В итоге прервать Дедушкино ворчанье я так и не решился. Он выглядел таким довольным, целиком отдаваясь процессу, что можно было только порадоваться за старичка. Надсмотрщик тоже на ворчание не реагировал. Как человек тренированный, он вообще делал вид, будто ни на что не реагирует. Правда, лишь до той поры, пока в коридор не выплыл Балабанов. В этот самый момент невозмутимость надзирателя резко иссякла, и он торопливо направился к Андрею Ильичу, на ходу доставая из кармана пачку сигарет.
Я не без злорадства усмехнулся. Не позволяя курить нам, полудурок получал тем же концом и по тому же месту. Насколько ему это пришлось по нраву, стало видно из возмущенного бормотанья, которым они с Балабановым принялись пуляться друг в друга, не стесняясь нас. В процессе дискуссии надсмотрщик сжевал две сигареты целиком и одну до половины, потом грязно выругался и быстрым шагом скрылся в конце коридора — там у них, видимо, располагалась курительная комната.
А Балабанов, как ни в чем не бывало, подошел к нам, обвел всю компанию благодушным взглядом и сообщил:
— Ну что? Все свободны. Поздравляю. Отмучились.
Я не поверил своим ушам. Он сказал — «Все»?! Таки да, он сказал — «Все»! И даже я! Если это была ошибка, то она мне понравилась. И, пока ему не пришло в голову исправлять ее, я заторопился следом за остальными — к лестнице, что вела вниз. На улицу, к свободе!

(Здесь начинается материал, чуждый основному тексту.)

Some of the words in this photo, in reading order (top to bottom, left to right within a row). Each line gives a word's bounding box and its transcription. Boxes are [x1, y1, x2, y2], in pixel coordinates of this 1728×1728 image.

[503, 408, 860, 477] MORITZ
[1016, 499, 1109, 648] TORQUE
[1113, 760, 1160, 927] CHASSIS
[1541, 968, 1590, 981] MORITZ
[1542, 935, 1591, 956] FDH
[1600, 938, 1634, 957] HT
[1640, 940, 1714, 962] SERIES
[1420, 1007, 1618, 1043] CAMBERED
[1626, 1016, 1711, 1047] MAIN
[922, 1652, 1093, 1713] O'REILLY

Однако далеко уйти не удалось. На лестнице меня догнал оклик Балабанова:
— Мешковский!
Его голос, несколько раз срикошетивший о стены, показался мне весьма неприятным. Даже, я бы сказал, несущим в себе какую-то угрозу.

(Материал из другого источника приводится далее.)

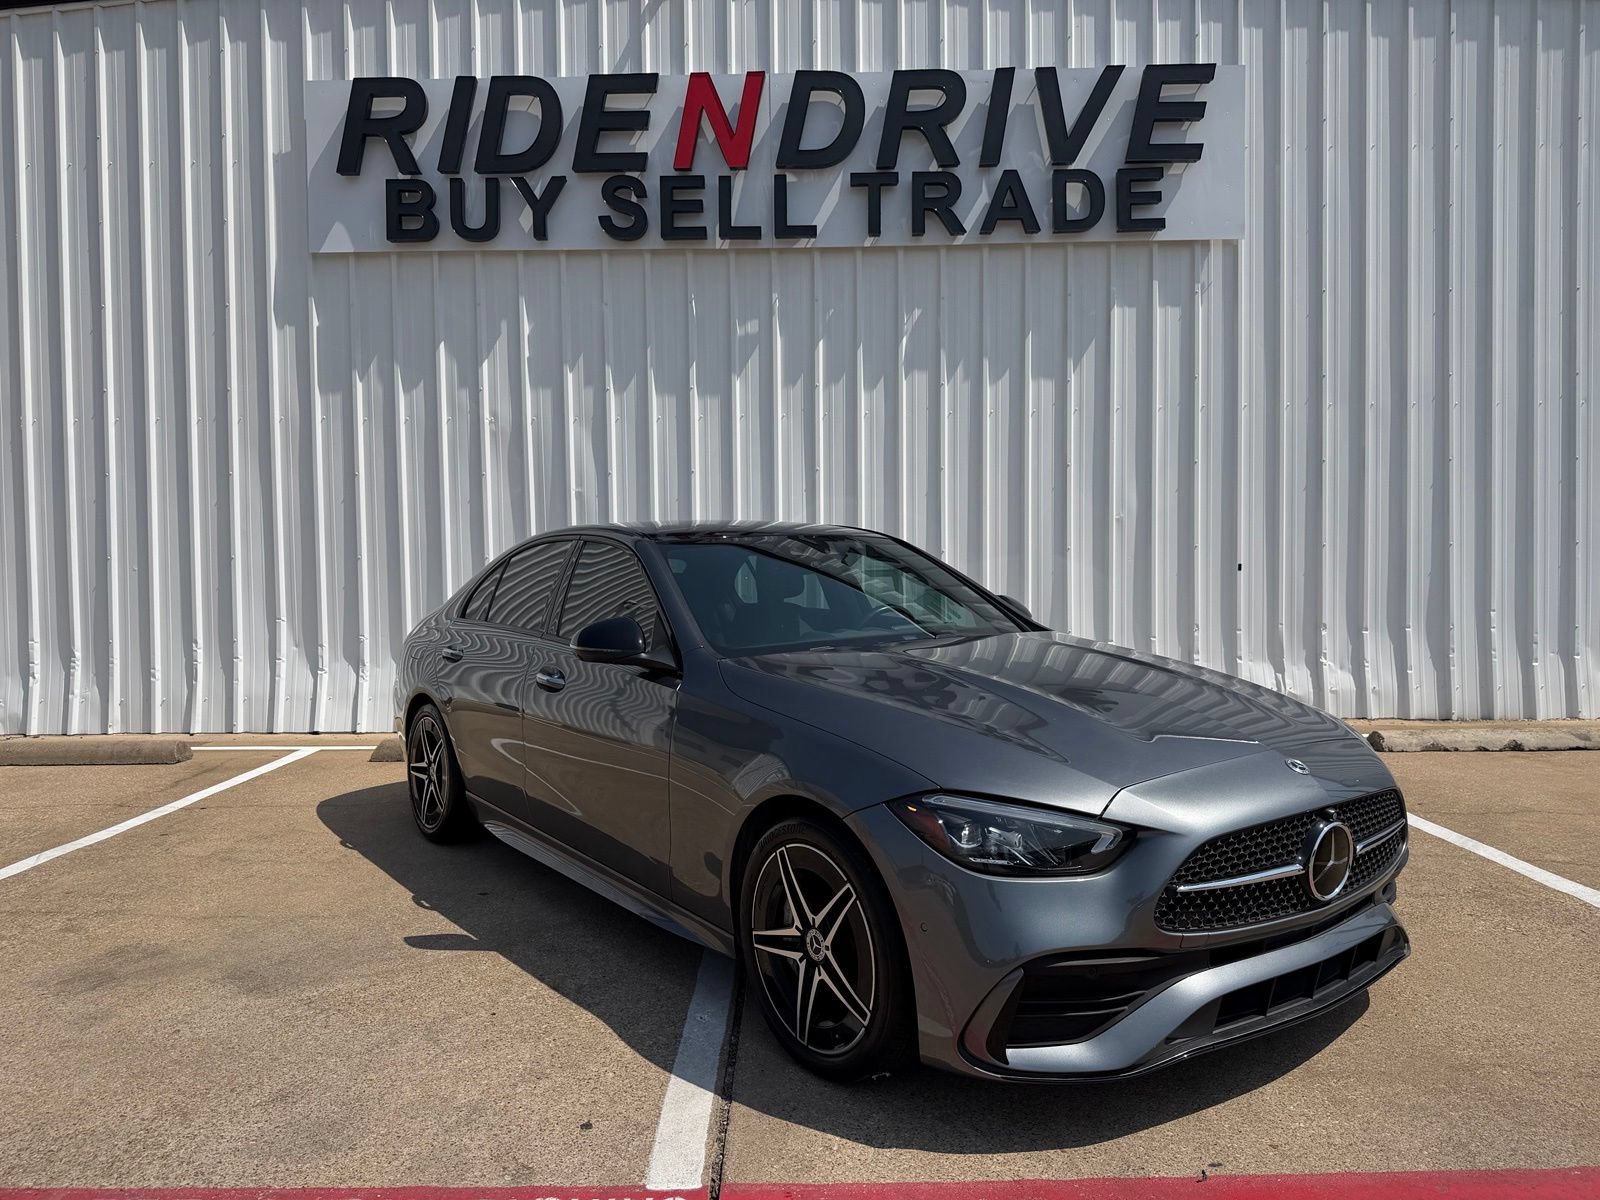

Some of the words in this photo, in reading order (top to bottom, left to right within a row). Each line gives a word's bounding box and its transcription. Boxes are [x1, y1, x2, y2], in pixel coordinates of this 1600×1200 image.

[385, 176, 567, 242] BUY
[598, 174, 817, 242] SELL
[850, 167, 1166, 237] TRADE

— Чего? — я, тяжело вздохнув, обернулся. Прощай, свобода? Но на круглой физиономии Балабанова светилось все то же благодушие.
— Подожди-ка!
Я потерялся в догадках. Он все-таки собирается закрывать меня или нет?! Хитрит? Нацепил, сволочь, маску благодушия, а я голову ломай… И, плюнув на субординацию, я решил пойти ва-банк. Каким-нибудь хитрым образом заставить его раскрыть карты. А потому бросил ему под ноги раздраженное:
— Слышь, Балабанов! Я три часа не курил, у меня уши ниже колен болтаются! — Получилось грубовато, но я так и задумывал. Провокация должна провоцировать, правда? Тем более что он первым фамильничать начал. А я что — рыжий? Вот если бы он нежно да аккуратненько — дорогой Михаил Семенович, не будете ли вы столь любезны… Тогда и я мог бы так же — нет, Андрей Ильич, увольте, нахрен нужно… И чтобы да, так нет.
Балабанову моя грубость, однако, настроения не испортила. Он, видимо, решил, что мы знакомы уже достаточно для того, чтобы считаться закадычными друзьями. А закадычные друзья, как известно, могут позволить в общении между собой многое. Даже за кадык подержаться.